> Name: Larry Ellison (Age: 67)
> Title: Founder and Chief Executive
> Shares: 22.4% of company’s shares
Larry Ellison, who founded Oracle (NASDAQ: ORCL) in 1977, has thrashed his competition in the global enterprise software industry, holding off challenges from Microsoft (NASDAQ: MSFT), SAP (NYSE: SAP) and a number of other companies. These companies would like to increase the part of their businesses that sell hardware and software to large businesses and governments. Ellison has made a number of shrewd buyouts, including Sun Microsystems, which increased Oracle’s business in Java software and the server market. The most powerful part of Oracle’s earnings engine is the license fees it charges its customers. The fees offer recurring revenue streams that can last for years. Not shy of exercising his control in the company, Ellison has rotated a number of people in and out of the number two position at Oracle. Its most recent president is disgraced former Hewlett-Packard (NYSE: HPQ) CEO Mark Hurd. Ellison made a public statement about how foolish the HP board was to fire a talented executive, and then snatched him up within a matter of weeks. Ellison has several extremely expensive hobbies, including the support of an entry in the America’s Cup yacht race. His boat won the most recent competition.

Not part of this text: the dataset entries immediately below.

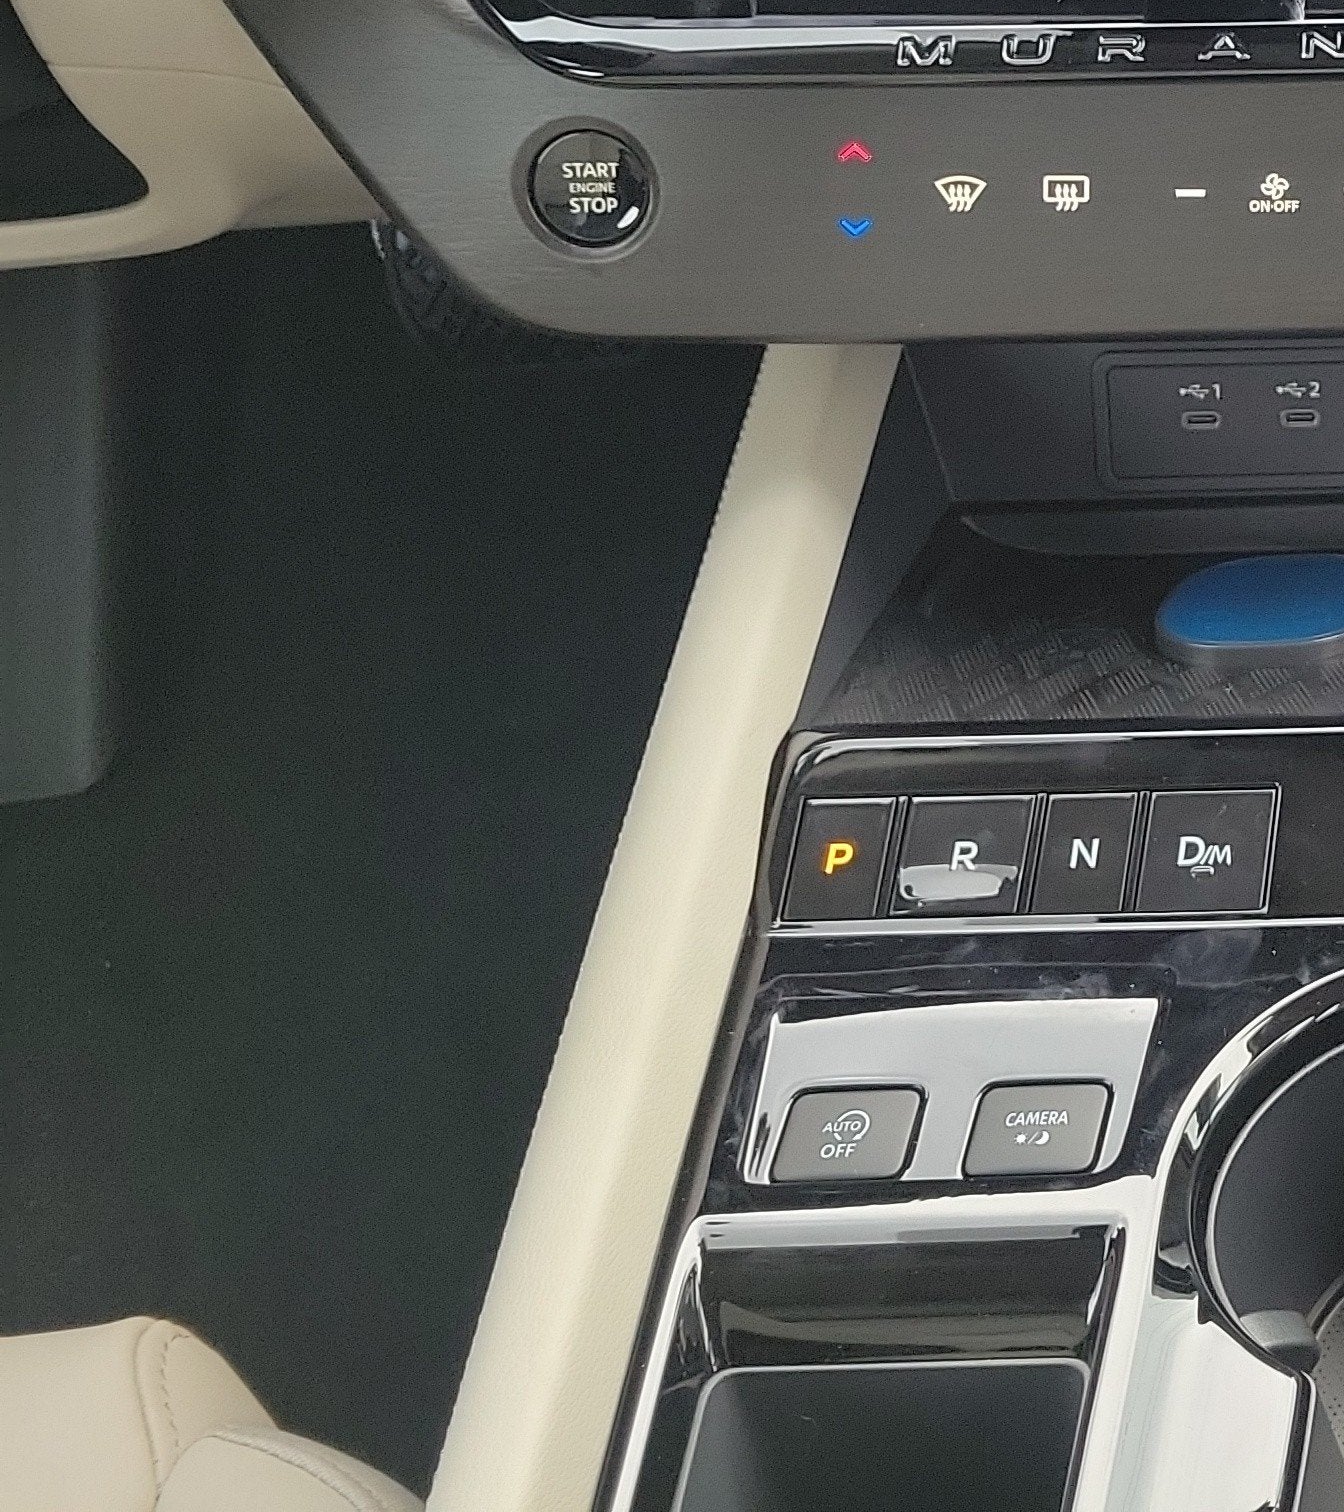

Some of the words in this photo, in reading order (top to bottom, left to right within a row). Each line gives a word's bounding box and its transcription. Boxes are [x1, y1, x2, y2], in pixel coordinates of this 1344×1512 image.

[562, 161, 619, 179] START
[569, 182, 616, 194] ENGINE
[569, 197, 618, 214] STOP
[1213, 383, 1222, 399] 1
[1309, 382, 1321, 398] 2
[824, 843, 855, 875] P
[949, 840, 978, 870] R
[1069, 838, 1100, 869] N
[822, 1120, 863, 1134] AUTO
[1006, 1110, 1069, 1127] CAMERA
[820, 1143, 857, 1159] OFF
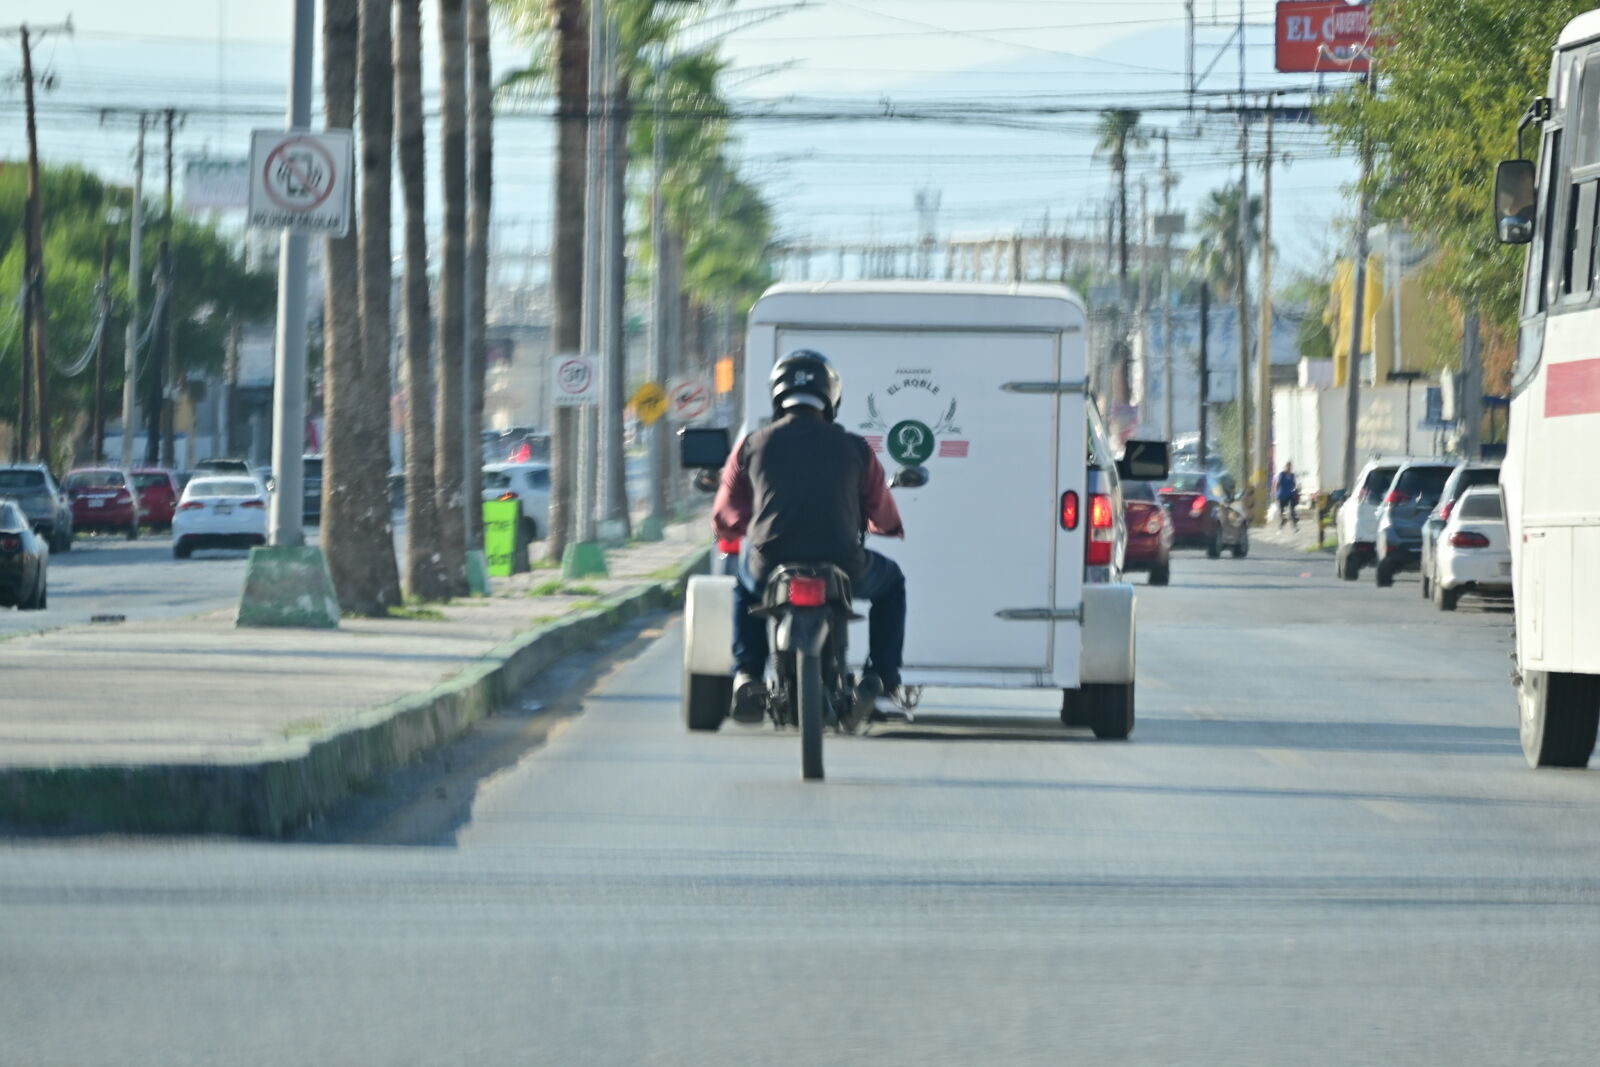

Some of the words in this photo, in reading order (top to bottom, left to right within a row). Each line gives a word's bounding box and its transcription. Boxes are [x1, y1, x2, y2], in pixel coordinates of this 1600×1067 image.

[1286, 15, 1317, 42] EL
[886, 383, 901, 396] EL
[903, 378, 940, 396] ROBLE
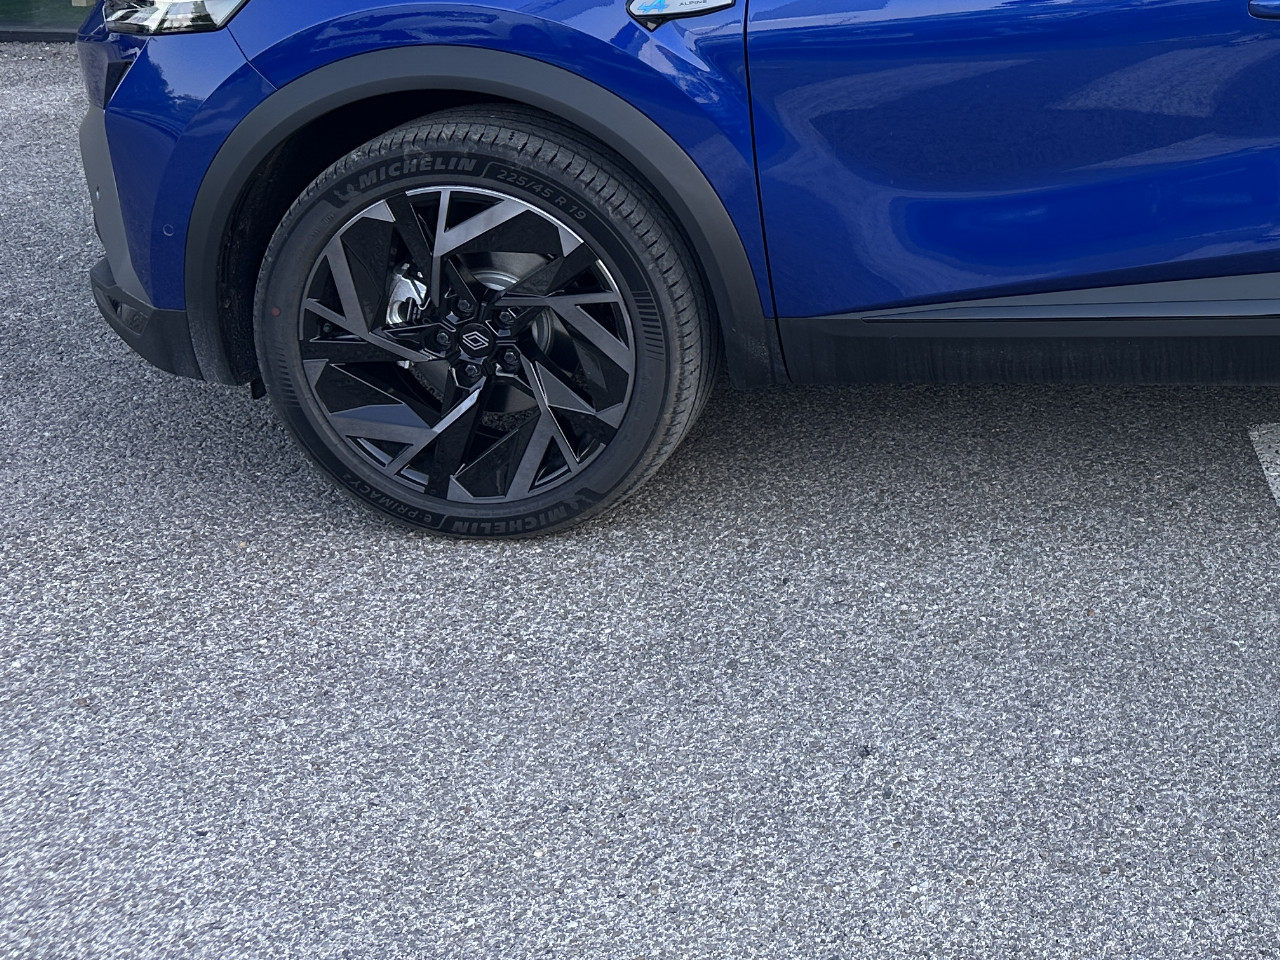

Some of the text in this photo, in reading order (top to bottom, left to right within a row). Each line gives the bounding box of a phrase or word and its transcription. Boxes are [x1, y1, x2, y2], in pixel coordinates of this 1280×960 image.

[678, 0, 707, 7] ALPINE
[358, 157, 477, 190] MICHELIN
[496, 169, 588, 221] 225/45 R 19
[452, 506, 568, 534] MICHELIN
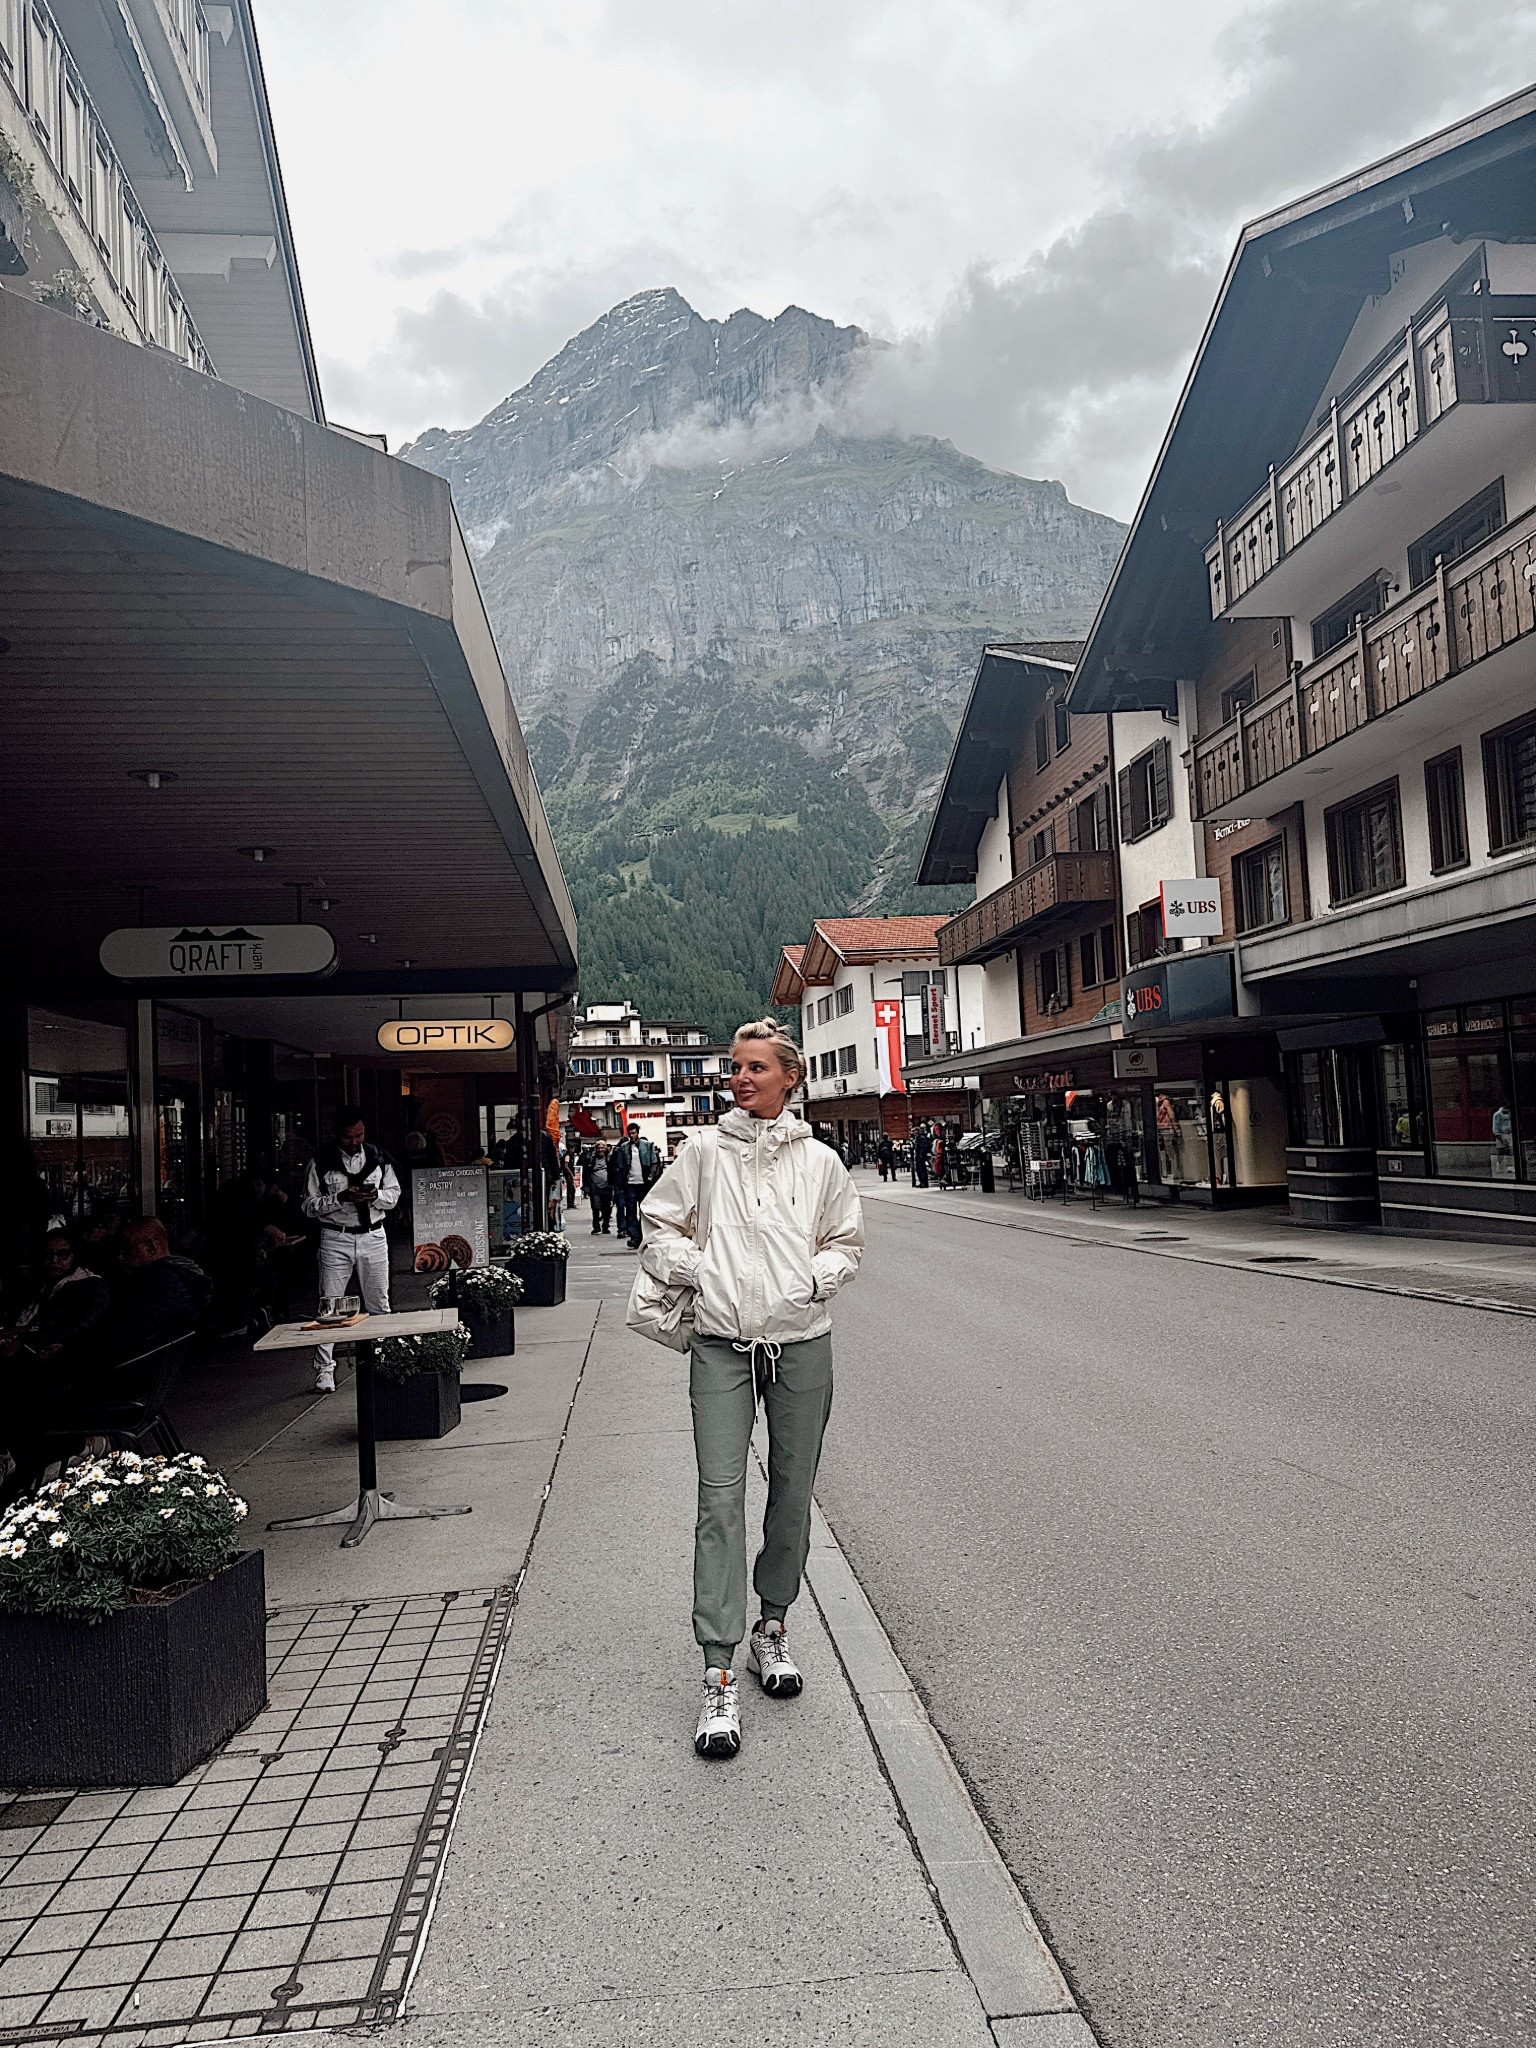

> Name: Brian Roberts (Age: 52)
> Title: Chief Executive, Chairman and son of founder
> Shares: Owns or controls 100% of Class B voting shares
Brian Roberts, like a number of CEOs who control the voting shares of their companies, is the son of the founder. Ralph Roberts, who is 92, cobbled together a number of small cable companies as the industry grew from largely a rural and suburban business to one that serves large cities. Comcast, which was founded in Mississippi in 1967, now has 48.9 million video, high-speed Internet, and voice over IP customers. Comcast bought a controlling interest in NBC Universal from General Electric (NYSE: GE) last year. The company is now only one of the largest distribution networks in the United States, but it is also one of the largest content producers because of NBC. The government struggled with potential “monopoly” problem when it approved the transaction. The cable industry used to be a de facto monopoly because cable companies controlled discrete regions of the country. Now, however, AT&T (NYSE: T) and Verizon (NYSE: VZ) have laid fiber in front of tens of millions of homes so that they can compete with cable companies in the broadband Internet and video markets. Comcast must also contend with improved technology for satellite TV, which makes these services more competitive with cable.
Name: Andrew Mason (Age: 31)
Title: Chief Executive Officer and Cofounder
Shares: 41.7% of Class B voting shares
Groupon (NASDAQ: GRPN) is widely considered the most poorly run of the Web 2.0 IPOs. The online coupon company has to restate earnings for its most recent quarter because of a “miscalculation” of its customer refunds. It has cut the original revenue statements by $14.3 million. The company admitted it has a “material weakness” in its financial reporting process, a tremendous warnings sign about the quality of a company’s management. This is not the first time Groupon had to restate its financials. It had to do so before its IPO as well because of SEC and potential investors challenged how it accounted for sales. Andrew Mason has been able to insulate himself from all of these catastrophes at least as far as his job security is concerned. Mason and two other cofounders, Executive Chairman Eric P. Lefkofsky and Bradley A. Keywell, own 100% of the voting shares. SEC filings directed to by the company to shareholders say this stock ownership “limit your ability to influence corporate matters.” What is at risk for Mason is his fortune. Groupon’s shares have dropped from a post-IPO high of $31.14 to just over $10 recently.
> Name: Jeffrey Weiner (Age: 42)
> Title: Chief Executive Officer
> Shares: 5.9% of voting shares
LinkedIn (NYSE: LNKD) has done a good job convincing Wall St. that its professional social network has strong longer term prospects. From a post-IPO low of $55.98, shares have risen to more than $108. LinkedIn’s 2011 revenue was $522 million, up from $243 million the year before. Net income attributable to common stockholders rose from $3 million to $12 million. Growth rates are not the only thing that shareholder likes about LinkedIn. The company makes money from its more than 150 million members in two ways. LinkedIn sells its products online but also has a sales force that sells and markets products directly to companies. The revenue between these two businesses is nearly equal, which gives LinkedIn a diversity of sales that other social networks like Twitter do not have. CEO Jeffrey Weiner benefits from his relationship with the company’s largest shareholder, Reid Hoffman. Hoffman owns 45.4% of Class B voting shares. SEC filings by LinkedIn call his holdings as having a “significant influence over the management and affairs of the company.” Hoffman is a serial entrepreneur who made a fortune as a senior executive at PayPal. He also sits on the board of online game company Zynga (NASDAQ: ZNGA).